A voice hidden in the crowd asked if Fred was retiring his gas-guzzling Porsche and giving up his assigned parking space.
“Oh, hell no.”
As the laughter died, the boss’ expression changed. Fred grimaced in the way of a man with an arm being twisted. “Uh, tonight, I’m announcing the firm will take up the challenge of what to do with underused parking facil—Ouch!” He turned to one of the blondes. Wincing, “Allow me to introduce the newest addition to our firm.” Muttering, “And the most damnably convincing person I’ve ever met.” Fred straightened his spine, recovered his verve. “Starting tomorrow we will have a new sustainability team, and a new general partner to lead it.” He pointed to the construction guy. A smattering of applause. “The Unarchitecture Studio, as I call it, will figure prominently in my next book.”
A woman in a sequined evening A-line stepped out of the overalls. Vibrant red curls cascaded along one side of her face when she tossed her helmet. As the tent erupted in cheers, we noticed only women enthusiastically clapping. Over-excited woo-hoos bounced off the canvas roof. Someone shouted, “Yay Ada!” Another, “Interview me too!” How most of the firm knew her baffled us, Ada having spent only a day in the office ten years ago.
Evan stood frozen as Ada left the stage and made a beeline toward us. Wriggles of shiny hair bounced under glittering lights, billowing like flames.
So that was it, we figured. Evan’s inventive spiral garage was about to be given a sustainability award. How cool. So why did he look petrified?
The screen came alive again: a countdown clock.
“Awright ya?” Ada said to her former studio mates.
The crowd roared, “TEN!”
Evan and Ada locked eyes in awkward silence until he asked her, “How’s your cat?”
“Like me, gettin’ old and cranky. I can’t believe ya remember her.”
“I remember her walking across my face in the morning.”
She chuckled. “So how’s yer wife and child?”
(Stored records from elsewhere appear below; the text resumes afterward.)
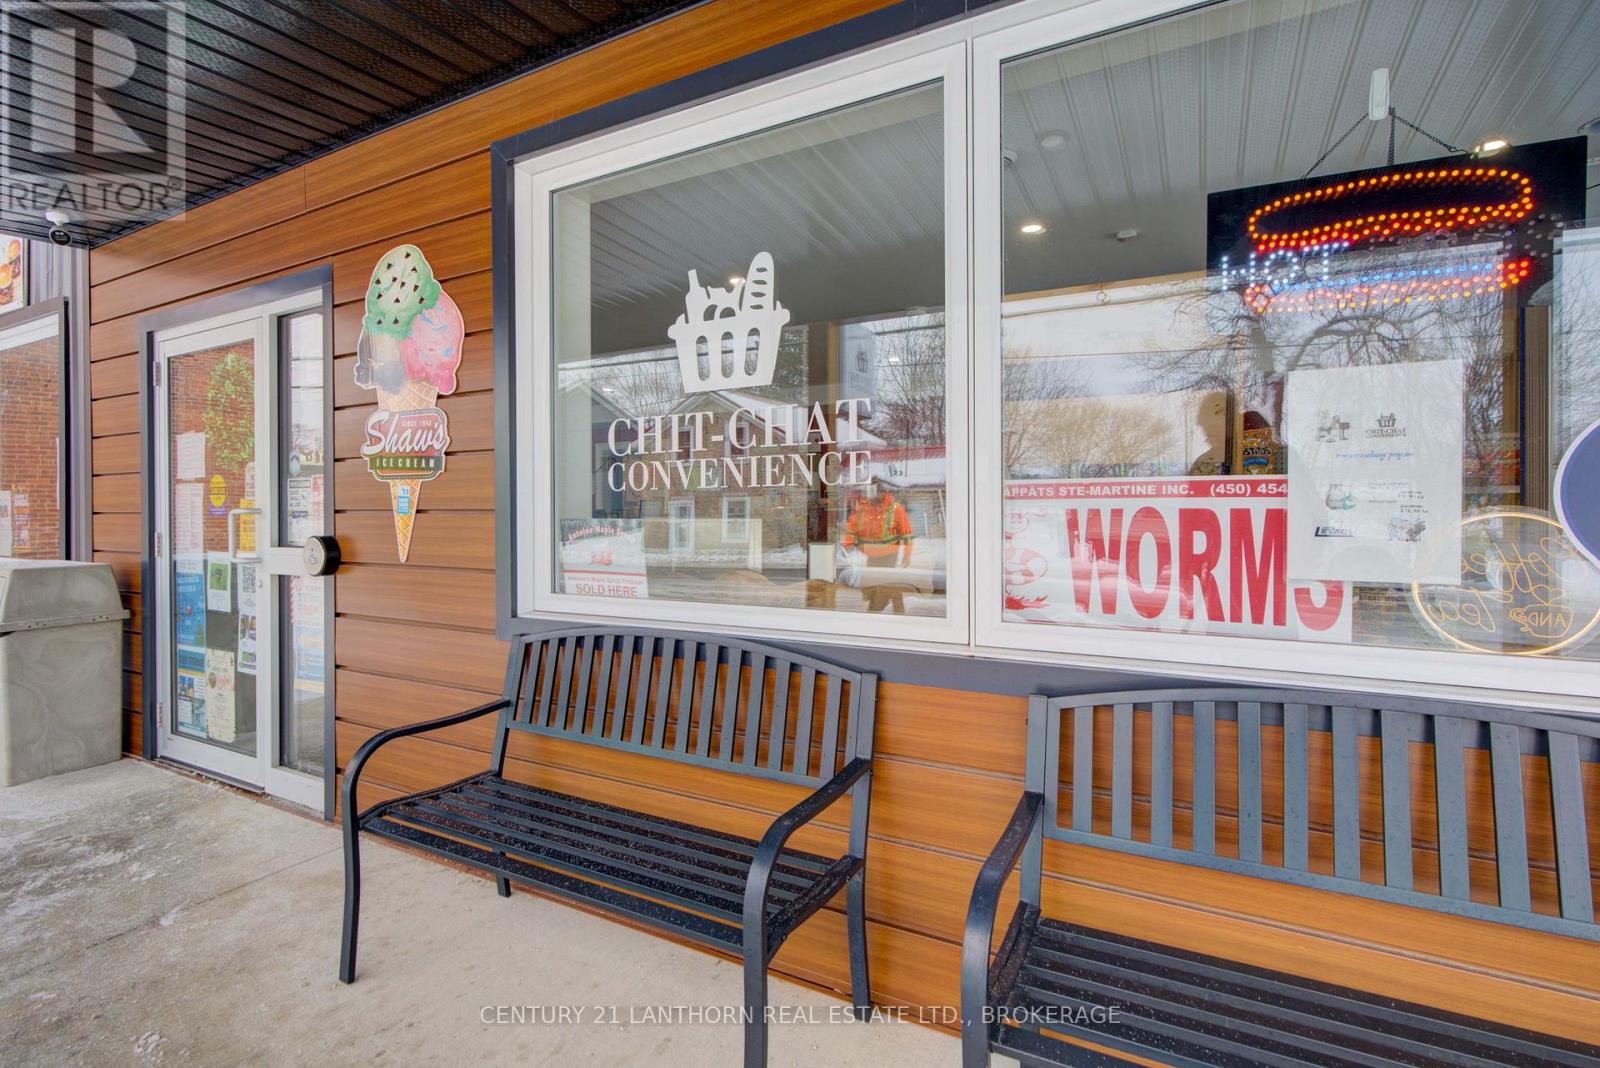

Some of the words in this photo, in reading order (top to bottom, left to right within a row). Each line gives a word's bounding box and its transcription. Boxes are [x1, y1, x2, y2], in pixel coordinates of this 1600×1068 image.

[1221, 241, 1350, 291] HOT
[362, 411, 446, 455] Shaw's
[607, 398, 872, 457] CHIT-CHAT
[607, 450, 872, 492] CONVENIENCE
[1059, 484, 1155, 496] STE-MARTINE
[1161, 483, 1194, 496] INC.
[1210, 482, 1251, 497] (450)
[1256, 482, 1288, 494] 454
[575, 583, 605, 595] SOLD
[608, 584, 637, 598] HERE
“Luis graduated architecture school last year. Laura and I divorced some time ago.”
“So, why did you come back, Ada?”
She frowned and shook her head.
“Ach, now that’s a poor way to greet an old friend.” Ada put her hands on Evan’s shoulders and maneuvered him a few steps backward.
He asked, “And why did you bug out in the first place?”
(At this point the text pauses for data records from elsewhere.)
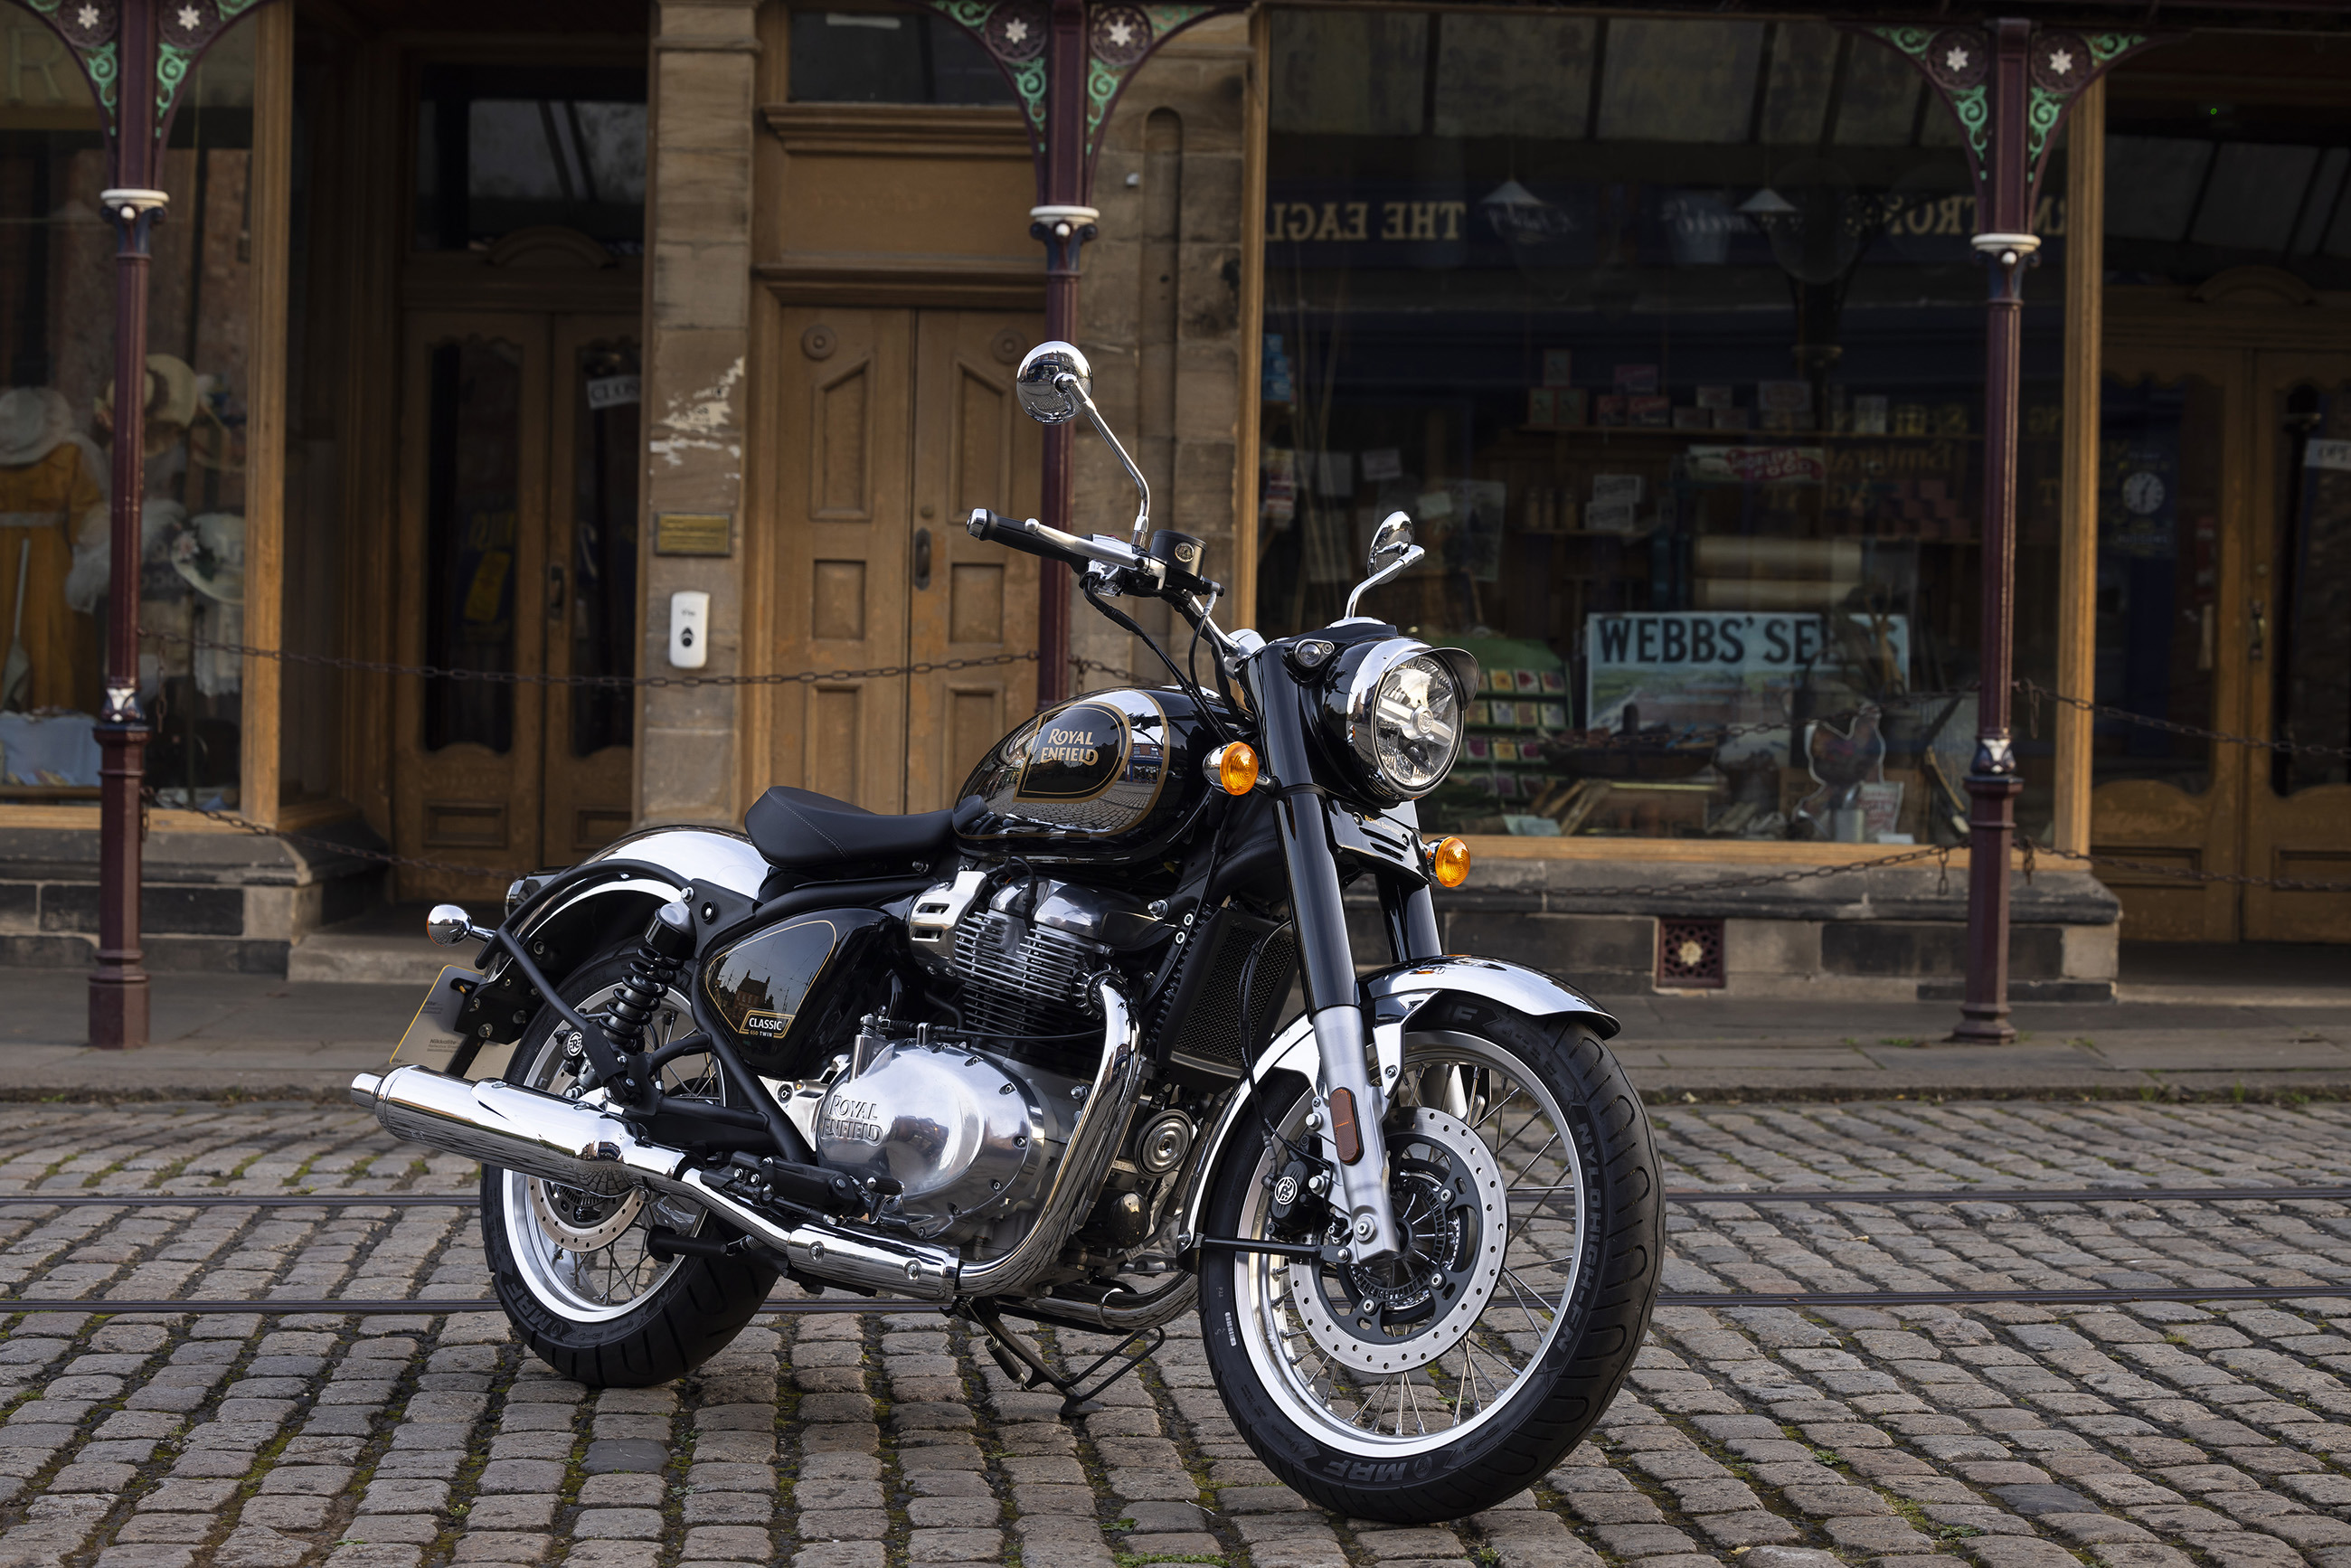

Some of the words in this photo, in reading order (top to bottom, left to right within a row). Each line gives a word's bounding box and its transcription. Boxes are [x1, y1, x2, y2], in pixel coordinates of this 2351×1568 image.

[1754, 459, 1813, 478] FOOD
[1598, 617, 1754, 664] WEBBS'
[1047, 728, 1094, 745] ROYAL
[1040, 747, 1099, 766] ENFIELD
[749, 1017, 782, 1031] CLASSIC
[828, 1095, 878, 1120] ROYAL
[823, 1116, 883, 1143] ENFIELD
[1555, 1121, 1603, 1355] NYLOHIGH-FN
[505, 1282, 552, 1332] MRF
[1322, 1459, 1408, 1483] MRF
“Thought my education was over, but ya convinced me I was wrong. I had more learnin’ to do.”
Evan angled his head and said, “Meaning what?”
“Meaning I went back to university and got a landscape architecture degree. Then I spent a few years in my family’s business.” With a sly grin, she added, “Finally, I did a wee bit of research.”
“Somehow I can’t picture you growing raisins.”
“‘Ha. We weren’t growin’ raisins, Evan. We were razin’ buildings. My father’s a demolition contractor.”
Ada pointed upwards. They were under mistletoe. “For auld lang syne,” she said and put her hands over Evan’s ears.
Glasses were raised, and they kissed, eyes closed. An instant later, Evan’s eyes sprung open.
Their lips parted with a tremendous explosion. The tent vibrated as the ungarage imploded, folding into a pile of dust.
“HAPPY NEW YEAR!”
“Y-you demolished my building?”
“Tis better as an orchard, Evan.”
“I don’t believe it. WHAT A SHITTY THING TO DO!”
This is a work of fiction. Names, places, and incidents are either products of the author’s imagination or are used fictitiously.